---------- Excerpted data ----------

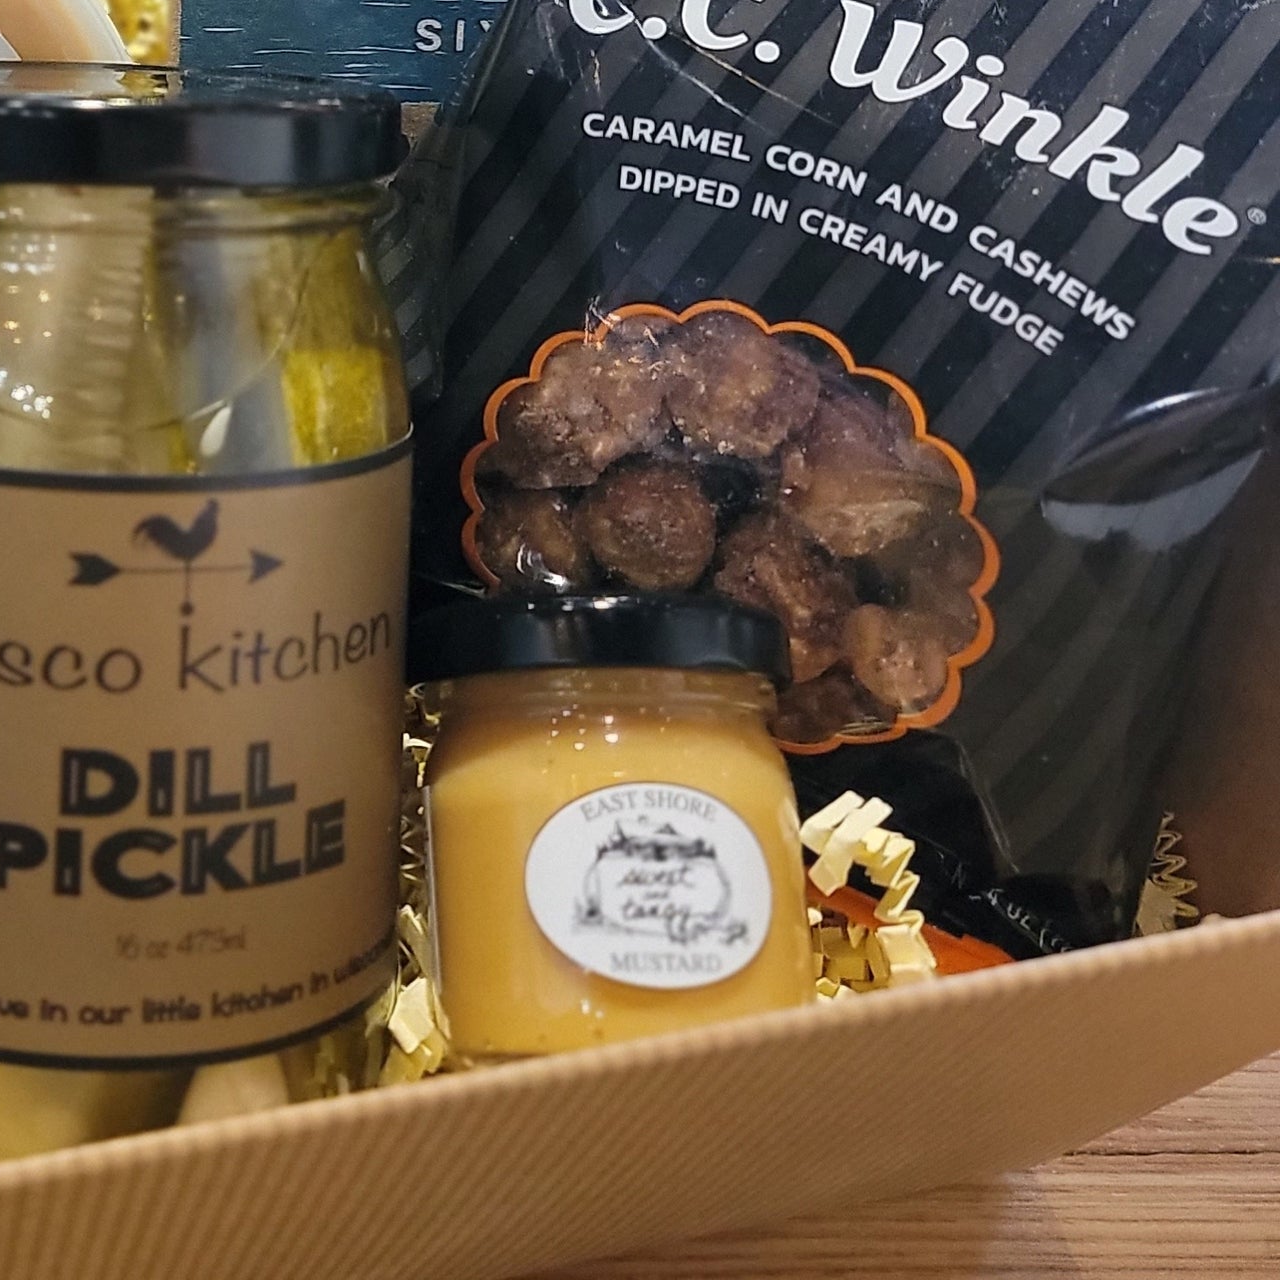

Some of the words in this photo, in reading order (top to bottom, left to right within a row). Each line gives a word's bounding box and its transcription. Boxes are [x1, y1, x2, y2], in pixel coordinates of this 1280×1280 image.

[581, 113, 750, 162] CARAMEL
[765, 145, 867, 199] CORN
[876, 184, 959, 235] AND
[968, 225, 1136, 342] CASHEWS
[620, 165, 740, 211] DIPPED
[752, 192, 787, 224] IN
[799, 209, 943, 282] CREAMY
[948, 273, 1065, 357] FUDGE
[178, 610, 391, 693] kitchen
[60, 741, 297, 817] DILL
[580, 791, 637, 822] EAST
[644, 790, 718, 821] SHORE
[611, 951, 723, 972] MUSTARD
[40, 999, 68, 1021] in
[79, 1005, 132, 1025] our
[211, 984, 303, 1018] kitchen
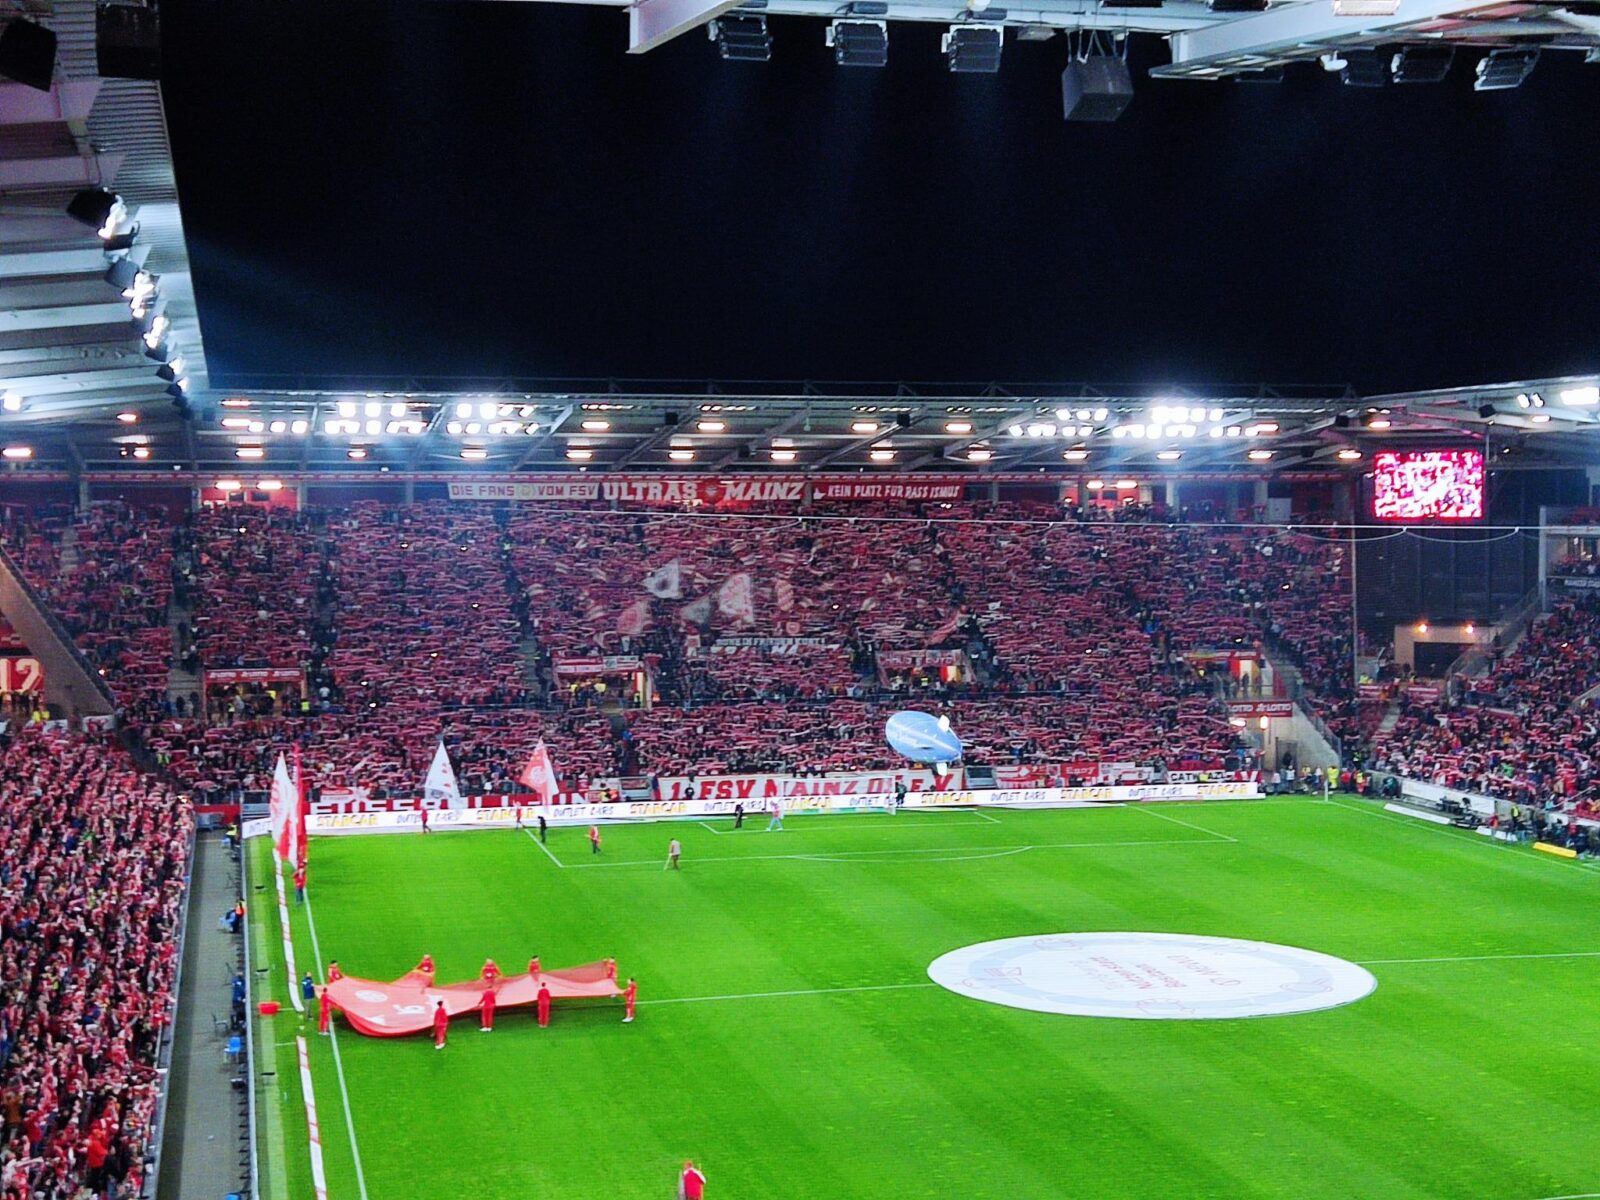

----------

• **What to work on**:
Although the records above contain pictures, only their text is to be repeated, exactly as given.

• **Exercise output**:
Some of the words in this photo, in reading order (top to bottom, left to right within a row). Each line gives a word's bounding box and its transcription. Boxes are [x1, y1, x2, y2], in pixel coordinates of this 1280×1280 image.

[581, 113, 750, 162] CARAMEL
[765, 145, 867, 199] CORN
[876, 184, 959, 235] AND
[968, 225, 1136, 342] CASHEWS
[620, 165, 740, 211] DIPPED
[752, 192, 787, 224] IN
[799, 209, 943, 282] CREAMY
[948, 273, 1065, 357] FUDGE
[178, 610, 391, 693] kitchen
[60, 741, 297, 817] DILL
[580, 791, 637, 822] EAST
[644, 790, 718, 821] SHORE
[611, 951, 723, 972] MUSTARD
[40, 999, 68, 1021] in
[79, 1005, 132, 1025] our
[211, 984, 303, 1018] kitchen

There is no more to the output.